Índia lança a aquisição de 114 dos questionados Rafales
A Índia enviou uma Carta de Solicitação oficial (LoR) à França para a aquisição de 114 caças multiuso Dassault Rafale, em uma medida que representa o maior programa de aquisição de caças na história moderna da Força Aérea Indiana e muda profundamente a estrutura da indústria aeroespacial militar do Indo-Pacífico.
Com um valor de cerca de US$ 39 bilhões, a aquisição governamental simultaneamente resolve a crise de escassez de esquadrões da Força Aérea Indiana, acelera a agenda "Atmanirbhar Bharat" da indústria de defesa e fortalece o alinhamento estratégico de longo prazo de Nova Délhi com Paris, à medida que a competição militar regional se intensifica.
A escala do programa transformou efetivamente a Índia de um comprador tradicional de sistemas de defesa estrangeiros para um ecossistema semi-integrado de manufatura aeroespacial, capaz de produzir caças avançados ocidentais fora da Europa pela primeira vez na história do programa Rafale.
Uma fonte do Ministério da Defesa da Índia confirmou que a Carta de Solicitação foi enviada pela Ala de Aquisições no final de maio de 2026, marcando a aprovação do Conselho de Aquisição de Defesa em fevereiro passado e entrando agora em uma fase ativa de negociação de importância estratégica urgente.
A aquisição ocorre em um momento em que a Força Aérea Indiana ainda opera com cerca de 30 a 32 esquadrões de caça, em comparação com a necessidade oficial de 42 esquadrões, criando assim uma lacuna operacional cada vez maior no terreno estratégico norte e oeste do país.

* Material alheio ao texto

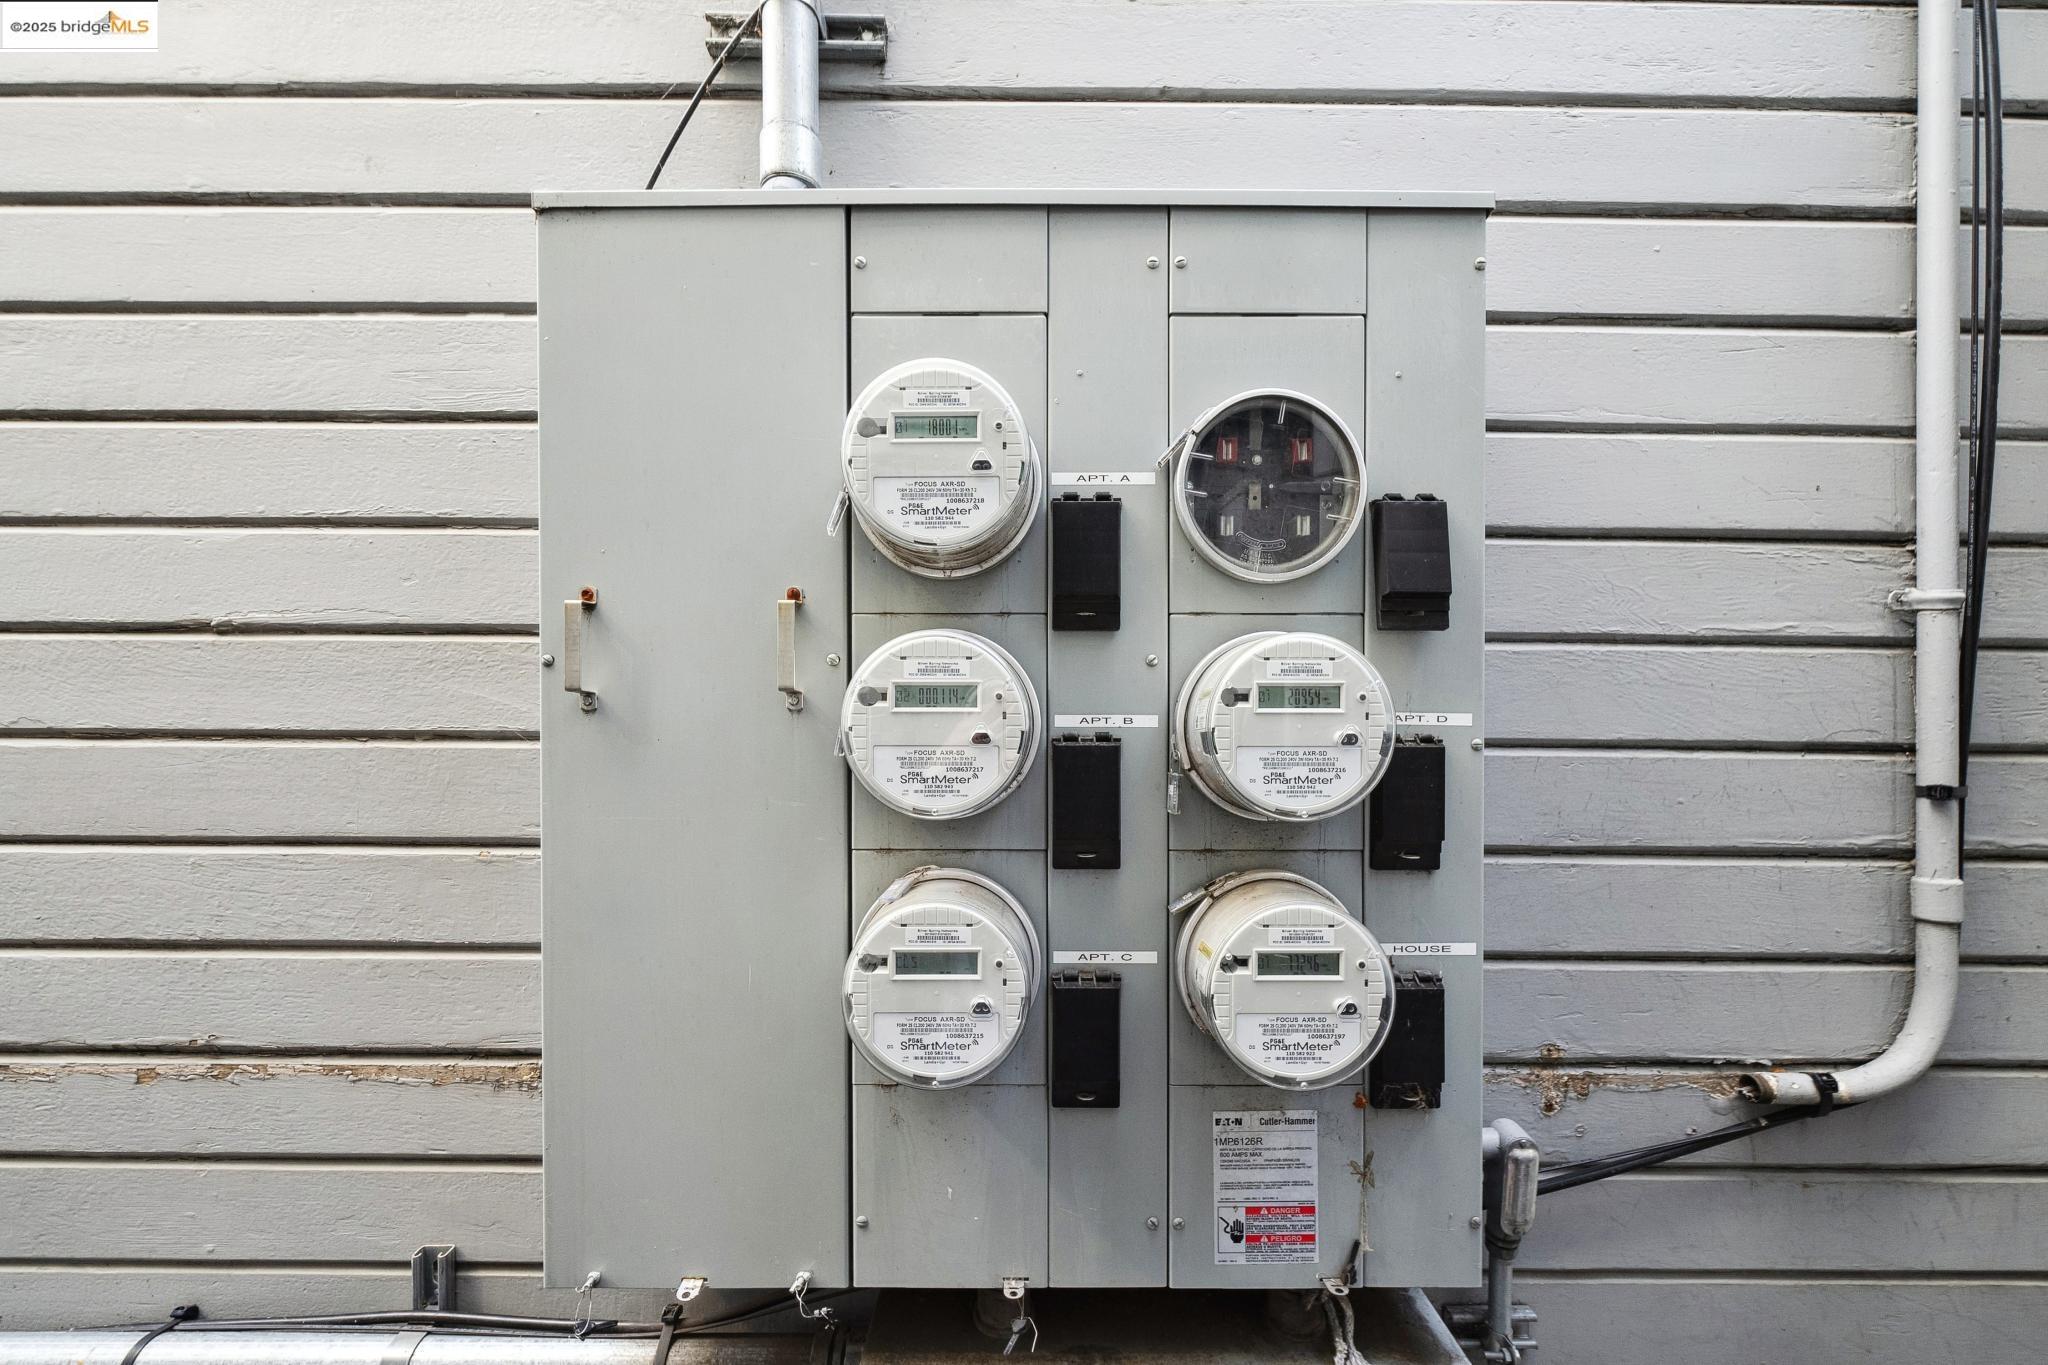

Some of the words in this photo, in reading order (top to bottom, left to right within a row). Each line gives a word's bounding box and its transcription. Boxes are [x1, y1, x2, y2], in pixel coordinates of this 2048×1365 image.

A importância militar do acordo vai além do mero fortalecimento do número de ativos devido à capacidade de ataque de longo alcance Rafale, ao sistema de guerra eletrônica SPECTRA, à compatibilidade do míssil Meteor, bem como à arquitetura de guerra centrada em rede, que aprimora a capacidade de resiliência da Índia contra as defesas aéreas cada vez mais sofisticadas da China e do Paquistão.
Espera-se que o primeiro-ministro indiano Narendra Modi discuta o pacote Rafale durante sua visita à França em junho de 2026, mostrando como o programa agora serve como um pilar fundamental no quadro da cooperação estratégica Índia-França.
O Marechal Chefe da Força Aérea Indiana, A.P. Singh, está atualmente na França, onde as discussões sobre divisão industrial do trabalho, cronogramas de fabricação e integração operacional devem ser ampliadas, juntamente com uma inspeção das instalações da Dassault Aviation.
A estrutura industrial do programa mostra que cerca de 94 aeronaves serão produzidas na Índia, enquanto cerca de 20 aeronaves serão entregues diretamente da França, permitindo uma regeneração mais rápida do poder aéreo e aprofundando a capacidade local de fabricação aeroespacial.
A assertividade da Índia na expansão da localização e no poder da integração de sistemas locais reflete a preocupação de Nova Délhi com a autonomia estratégica, especialmente após testemunhar fraquezas na cadeia de suprimentos e restrições à exportação que afetaram vários programas globais de aquisição de defesa desde o início do conflito Rússia-Ucrânia.
A aquisição do Rafale também sinaliza a preferência da Índia por uma plataforma de combate comprovada que possa ser operada imediatamente, em vez de esperar por projetos locais de caças de nova geração que ainda enfrentam atrasos tecnológicos e problemas no desenvolvimento da produção.
Para a França, o acordo garante a estabilidade de longo prazo da produção da Dassault Aviation enquanto expande a influência geopolítica de Paris no Indo-Pacífico, em um momento em que a presença da indústria de defesa europeia entra em choque cada vez mais com a competição estratégica envolvendo Estados Unidos, China e Rússia.